In an AP given a = 8, a_n = 62, S_n = 210, find n and d.

Concept in a Minute:

The question involves arithmetic progressions (AP). The key concepts are the formulas for the nth term and the sum of the first n terms of an AP.
1. nth term of an AP: $a_n = a + (n-1)d$
2. Sum of the first n terms of an AP: $S_n = n/2 * (a + a_n)$ or $S_n = n/2 * (2a + (n-1)d)$

Explanation:

We are given the first term ($a$), the nth term ($a_n$), and the sum of the first n terms ($S_n$) of an arithmetic progression. We need to find the number of terms ($n$) and the common difference ($d$).

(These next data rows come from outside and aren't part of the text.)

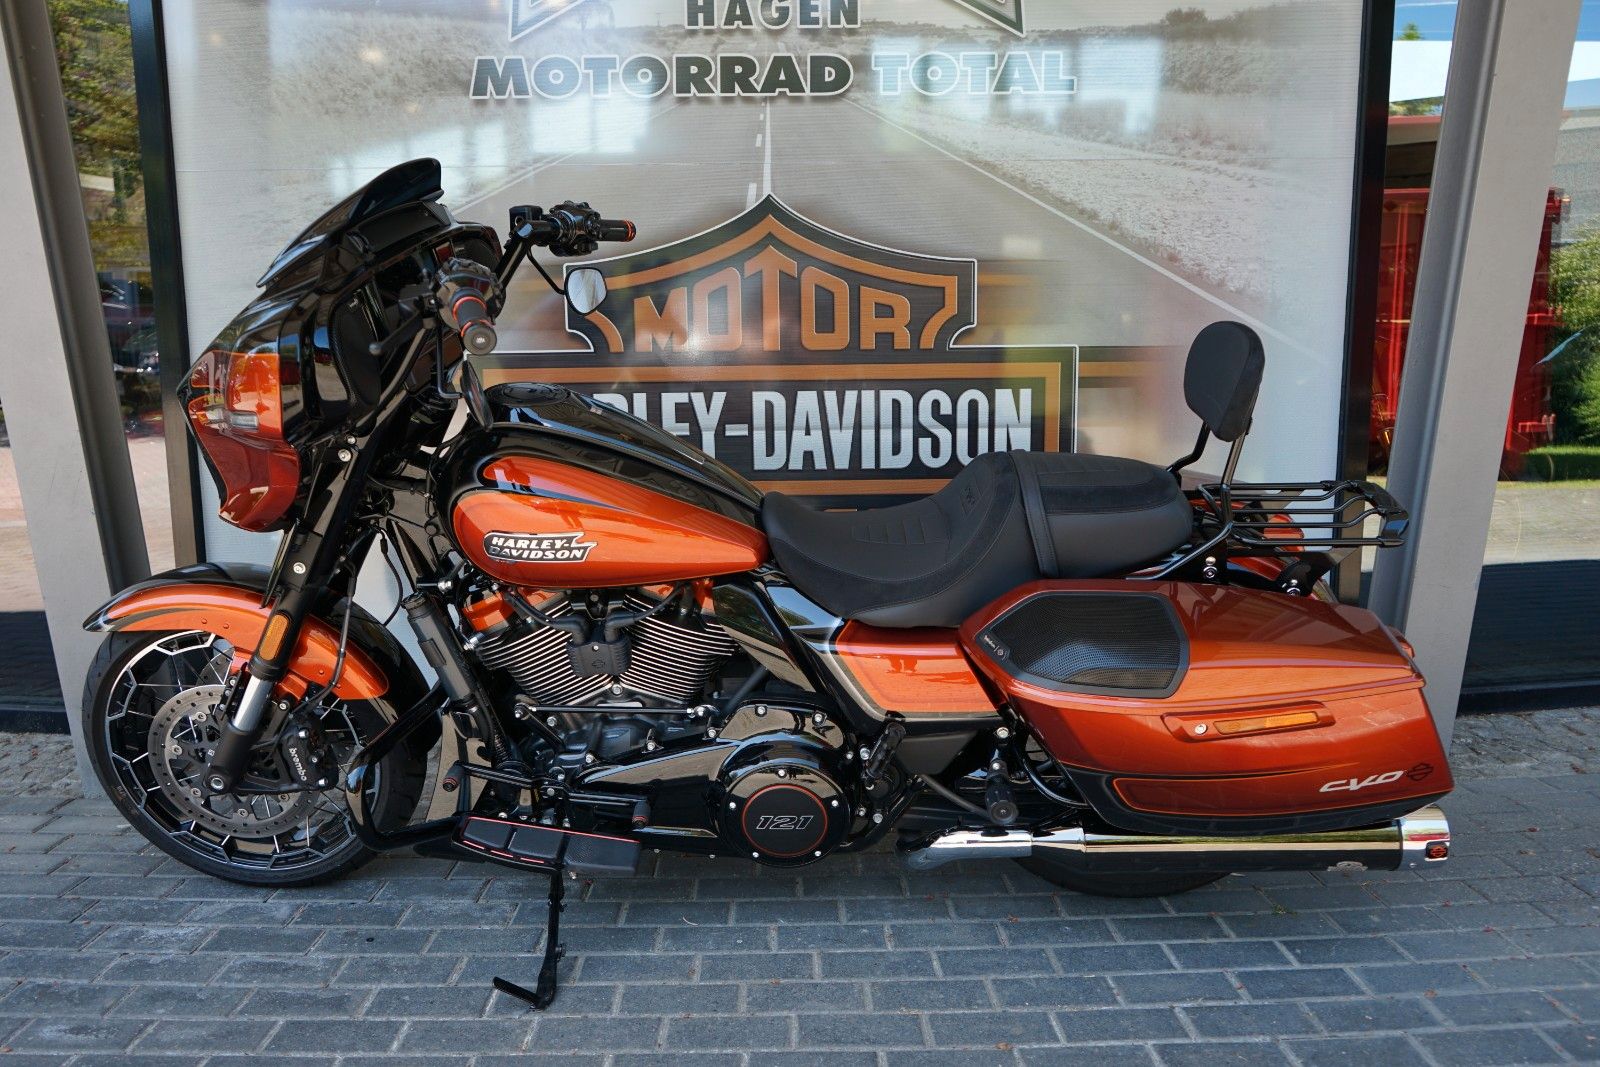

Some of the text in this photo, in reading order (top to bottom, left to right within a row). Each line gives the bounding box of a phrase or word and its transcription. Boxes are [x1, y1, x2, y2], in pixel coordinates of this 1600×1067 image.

[685, 0, 861, 29] HAGEN
[469, 50, 1077, 100] MOTORRAD TOTAL
[633, 244, 911, 352] MOTOR
[488, 545, 585, 560] DAVIDSON
[491, 536, 570, 549] HARLEY-
[289, 747, 307, 781] brembo
[1319, 769, 1407, 793] CVO
[756, 815, 814, 830] 121
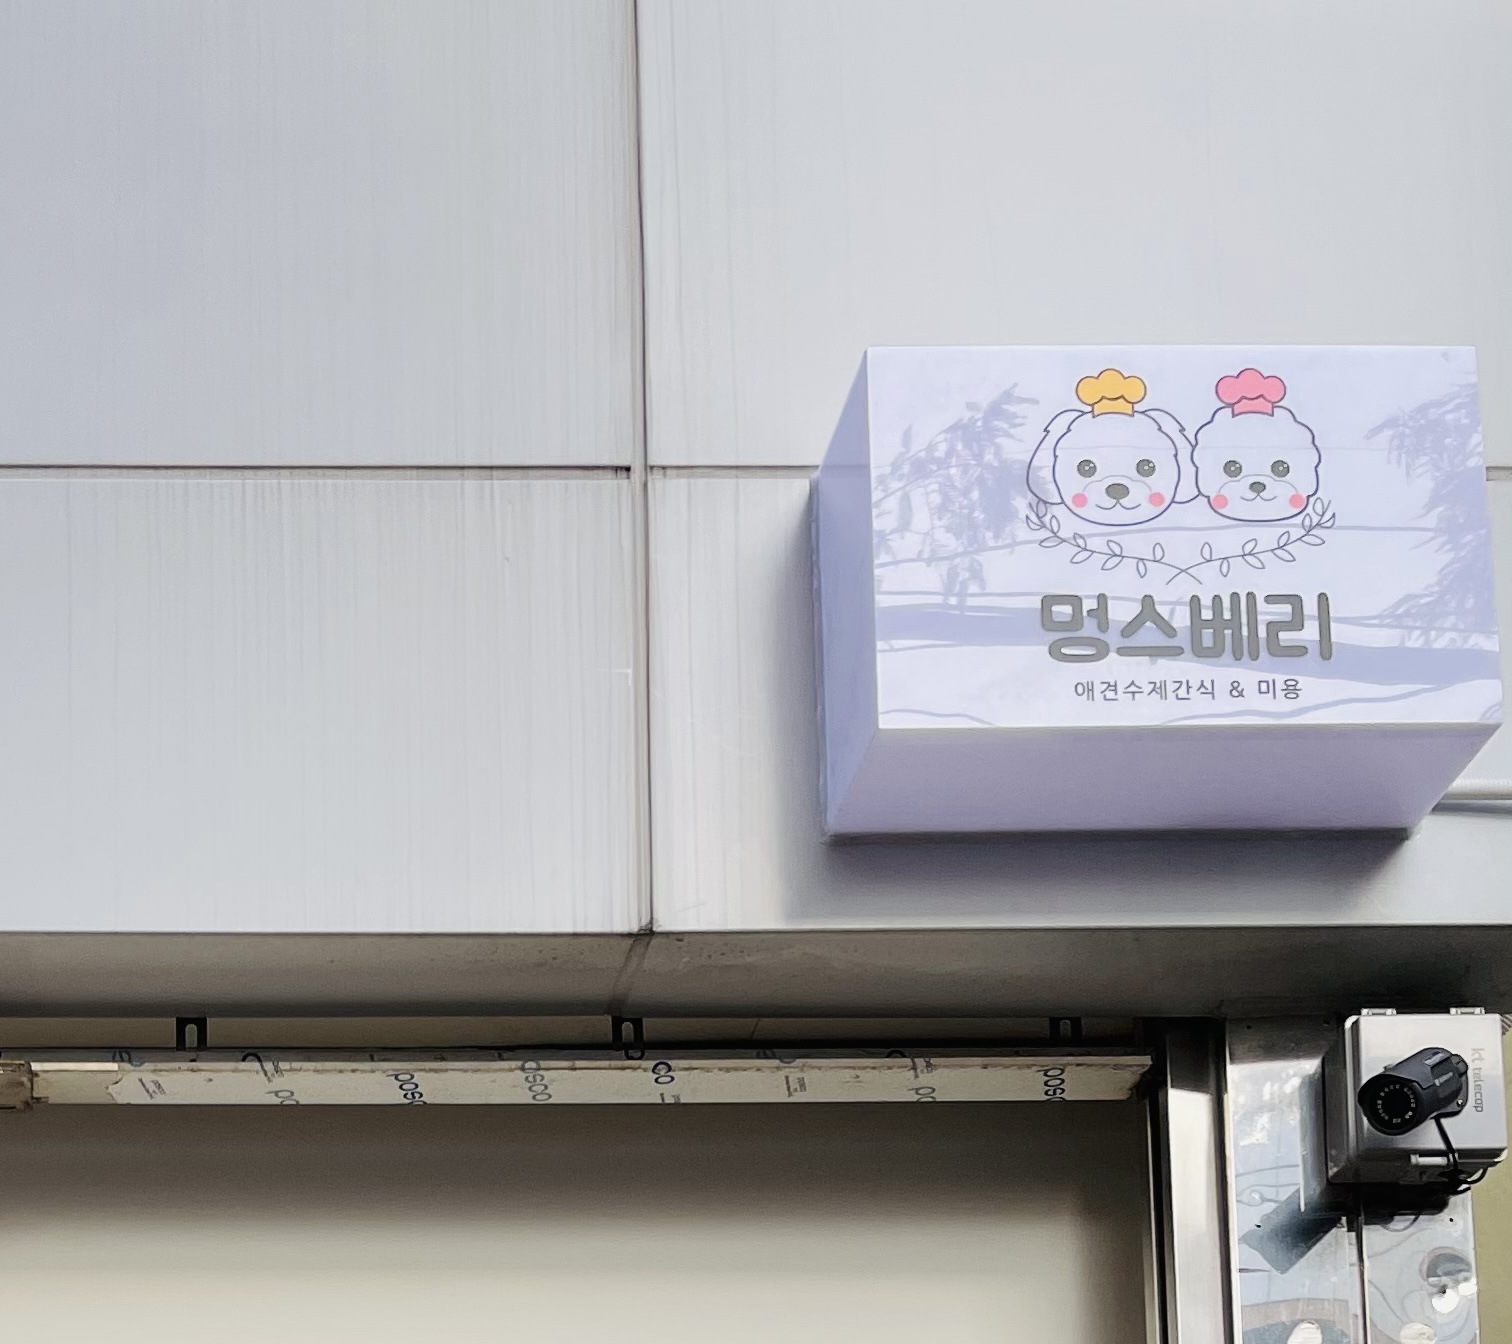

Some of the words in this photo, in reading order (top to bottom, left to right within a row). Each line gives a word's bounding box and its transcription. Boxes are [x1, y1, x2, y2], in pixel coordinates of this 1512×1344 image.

Step 1: Use the formula for the sum of an AP to find ‘n’.
We know $S_n = n/2 * (a + a_n)$.
Substitute the given values: $210 = n/2 * (8 + 62)$.
Simplify the equation: $210 = n/2 * (70)$.
Further simplify: $210 = 35n$.
Solve for n: $n = 210 / 35$.
Calculate n: $n = 6$.

Step 2: Use the formula for the nth term of an AP to find ‘d’.
We know $a_n = a + (n-1)d$.
Substitute the values of $a_n$, $a$, and the calculated value of $n$: $62 = 8 + (6-1)d$.
Simplify the equation: $62 = 8 + 5d$.
Subtract 8 from both sides: $62 – 8 = 5d$.
This gives: $54 = 5d$.
Solve for d: $d = 54 / 5$.
Calculate d: $d = 10.8$.

Therefore, the number of terms $n = 6$ and the common difference $d = 10.8$.

Question:

Following are APs or not? If they form an A.P. find the common difference d and write three more terms:

1², 3², 5², 7² …

Concept in a Minute:

Arithmetic Progression (AP): A sequence of numbers such that the difference between consecutive terms is constant. This constant difference is called the common difference (d).
To check if a sequence is an AP, we calculate the difference between each pair of consecutive terms. If all these differences are the same, then it is an AP.

Explanation:

The given sequence is 1², 3², 5², 7² …

First, let’s calculate the actual values of these terms:
Term 1: 1² = 1
Term 2: 3² = 9
Term 3: 5² = 25
Term 4: 7² = 49

So the sequence is 1, 9, 25, 49, …

Now, we need to check if this sequence is an Arithmetic Progression by finding the difference between consecutive terms:

Difference between Term 2 and Term 1:
d₁ = 9 – 1 = 8

Difference between Term 3 and Term 2:
d₂ = 25 – 9 = 16

Difference between Term 4 and Term 3:
d₃ = 49 – 25 = 24

We can see that the differences between consecutive terms are not constant (8 ≠ 16 ≠ 24).

Therefore, the given sequence 1², 3², 5², 7² … is not an AP.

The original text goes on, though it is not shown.